[[ PROVIDED MATERIAL open ]]
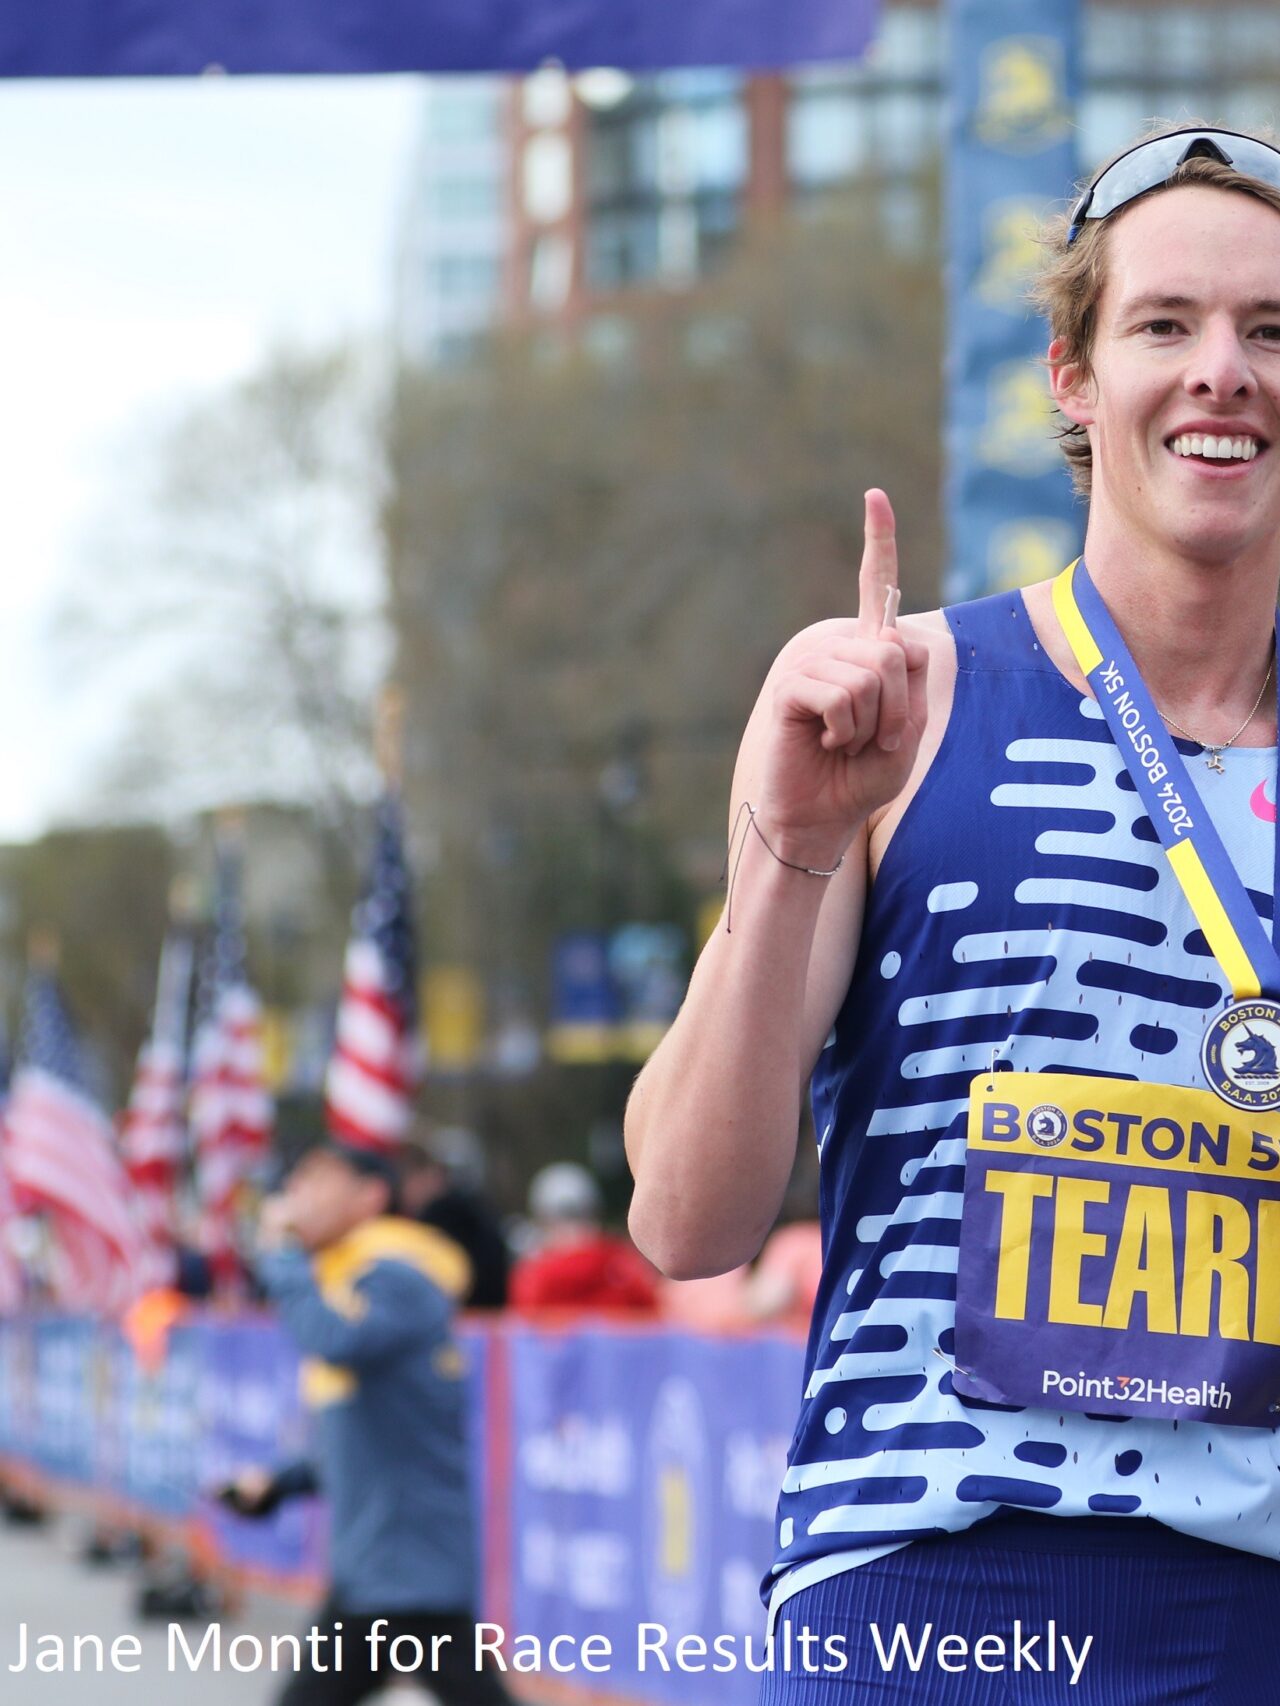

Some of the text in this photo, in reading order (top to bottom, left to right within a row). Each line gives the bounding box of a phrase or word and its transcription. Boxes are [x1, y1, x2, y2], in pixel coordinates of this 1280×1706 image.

[1099, 659, 1194, 837] 2024 BOSTON 5K
[1219, 1006, 1277, 1033] BOSTON
[1221, 1080, 1257, 1104] B.A.A.
[981, 1102, 1229, 1167] BOSTON
[1041, 1369, 1232, 1410] Point32Health
[[ PROVIDED MATERIAL closed ]]
(DESCRIPTION OF THE TASK) Copy out every line of the data exactly, leaving the images behind.

(RESPONSE FOR THIS EXERCISE)
Some of the text in this photo, in reading order (top to bottom, left to right within a row). Each line gives the bounding box of a phrase or word and its transcription. Boxes are [x1, y1, x2, y2], in pixel coordinates of this 1280×1706 image.

[1099, 659, 1194, 837] 2024 BOSTON 5K
[1219, 1006, 1277, 1033] BOSTON
[1221, 1080, 1257, 1104] B.A.A.
[981, 1102, 1229, 1167] BOSTON
[1041, 1369, 1232, 1410] Point32Health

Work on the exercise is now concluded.